At early ages, autism in girls and boys looks similar

A young toddler wearing a flannel shirt sits at a table and holds a jar of food.

Autism in toddlerhood looks the same in boys and girls.

A large study of autistic kids between 1 and 4 years old turned up no overt differences in symptoms. Those results, published May 26 in Nature Human Behaviour, add clarity to how the disorder plays out in the first years of life. A deeper understanding of these symptoms could help clinicians identify kids who might benefit from specialized help early on.

Autism is more prevalent in boys than girls; roughly four boys are diagnosed for every girl. But prior studies have been decidedly inconclusive about whether boys’ and girls’ symptoms differ. Some studies found differences while others didn’t. Part of the uncertainty may have been due to studying older kids, whose life experiences may have shaped their symptoms. And part of the uncertainty may have come from small sample sizes, generally including fewer than 100 kids. By studying 2,618 kids with an average age of 27 months, the new study gets around some of these concerns.

“This study, with its large sample size, provides stronger evidence for there being no differences in how autism is expressed in girls and boys,” says Helen Tager-Flusberg, a developmental scientist and autism expert at Boston University.

Scientists tested these youngsters on 18 different measures including their ability to dress independently, eye-tracking attention tests and their language skills. On nearly all tests, scores for girls and boys with autism were indistinguishable, the researchers found. “We were actually incredibly surprised to find that there were no differences, no matter where, no matter how we looked,” says study coauthor and neuroscientist Karen Pierce, who is co-director of the University of California, San Diego Autism Center of Excellence.
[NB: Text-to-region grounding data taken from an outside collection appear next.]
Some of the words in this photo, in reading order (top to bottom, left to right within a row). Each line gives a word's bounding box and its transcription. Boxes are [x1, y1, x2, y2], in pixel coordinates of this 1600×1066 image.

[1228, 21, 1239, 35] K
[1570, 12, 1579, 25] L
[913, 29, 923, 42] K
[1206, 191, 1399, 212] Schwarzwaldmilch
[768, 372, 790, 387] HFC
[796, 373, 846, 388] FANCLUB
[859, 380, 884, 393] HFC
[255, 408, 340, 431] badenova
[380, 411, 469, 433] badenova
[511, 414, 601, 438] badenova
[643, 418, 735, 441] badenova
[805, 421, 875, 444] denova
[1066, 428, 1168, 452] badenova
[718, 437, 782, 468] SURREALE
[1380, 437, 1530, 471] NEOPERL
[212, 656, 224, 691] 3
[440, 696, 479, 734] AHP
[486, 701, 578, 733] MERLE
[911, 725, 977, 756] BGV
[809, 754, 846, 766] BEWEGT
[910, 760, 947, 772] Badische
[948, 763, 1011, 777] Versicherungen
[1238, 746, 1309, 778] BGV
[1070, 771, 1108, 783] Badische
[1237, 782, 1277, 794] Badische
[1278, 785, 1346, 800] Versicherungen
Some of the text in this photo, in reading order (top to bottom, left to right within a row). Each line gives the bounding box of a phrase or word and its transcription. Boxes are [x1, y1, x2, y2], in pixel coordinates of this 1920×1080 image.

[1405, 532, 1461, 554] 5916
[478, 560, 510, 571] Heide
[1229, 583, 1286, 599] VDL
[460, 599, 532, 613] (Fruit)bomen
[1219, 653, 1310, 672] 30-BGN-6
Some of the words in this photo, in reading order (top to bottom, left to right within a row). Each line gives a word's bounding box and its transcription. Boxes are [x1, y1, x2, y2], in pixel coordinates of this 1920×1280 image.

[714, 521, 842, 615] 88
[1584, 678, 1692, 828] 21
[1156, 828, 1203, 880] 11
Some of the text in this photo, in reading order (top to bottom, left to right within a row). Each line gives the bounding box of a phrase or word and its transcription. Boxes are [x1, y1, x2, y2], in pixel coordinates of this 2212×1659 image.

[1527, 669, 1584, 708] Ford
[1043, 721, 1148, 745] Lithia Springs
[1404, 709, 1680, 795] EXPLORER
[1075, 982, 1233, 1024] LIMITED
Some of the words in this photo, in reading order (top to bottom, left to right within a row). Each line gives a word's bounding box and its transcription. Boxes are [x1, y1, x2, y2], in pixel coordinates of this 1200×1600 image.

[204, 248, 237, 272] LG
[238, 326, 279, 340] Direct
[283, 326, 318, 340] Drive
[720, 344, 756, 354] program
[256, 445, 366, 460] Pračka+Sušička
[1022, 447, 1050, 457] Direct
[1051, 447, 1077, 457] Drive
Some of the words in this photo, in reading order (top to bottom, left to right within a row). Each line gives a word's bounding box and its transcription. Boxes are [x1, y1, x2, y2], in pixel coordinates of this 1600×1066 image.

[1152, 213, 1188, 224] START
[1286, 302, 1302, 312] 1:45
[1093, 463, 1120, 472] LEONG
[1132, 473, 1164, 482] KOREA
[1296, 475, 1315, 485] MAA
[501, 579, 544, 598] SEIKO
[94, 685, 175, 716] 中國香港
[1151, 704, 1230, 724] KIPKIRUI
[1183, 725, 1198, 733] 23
The sole difference came from a parent-reported measure of daily living skills, such as feeding themselves, on which girls scored slightly higher than boys.

The study included boys and girls who did not have autism. Among those kids, girls were slightly more advanced on some social and developmental scores relative to boys, the researchers found. That difference was expected. But the story was very different among autistic toddlers. “At this very young age, they’re just not presenting differently from a diagnostic perspective,” Pierce says. “They’re just not.”

Differences in symptoms may show up later, as girls and boys grow up. But then again, they may not. Pierce hopes to follow these kids with autism over the years to explore what might change. If symptoms do begin diverging, as some studies have suggested they do, that difference could be explained by biological differences, differences in the kids’ social environments or a combination of the two.

The screening used to spot the girls with autism in the study could have influenced the findings, Tager-Flusberg cautions. “Girls with milder symptoms may not have been identified on the screener,” she says. If girls with less noticeable symptoms of autism were not included in the study, then the girls who remained would be more affected than other girls — a selection criteria that might have masked some differences between boys and girls, she says.

It’s possible that the new study missed autism in some young girls, Pierce says. But the screening method identified girls with autism at an expected rate, given national averages in the United States.

If the results are replicated in other studies, then “then it opens up many questions about why girls with milder autism are often not identified until later in childhood, and why older autistic girls show somewhat different symptoms compared to boys,” Tager-Flusberg says. “All these questions are important for understanding why autism is so much more common in males than females at all ages.”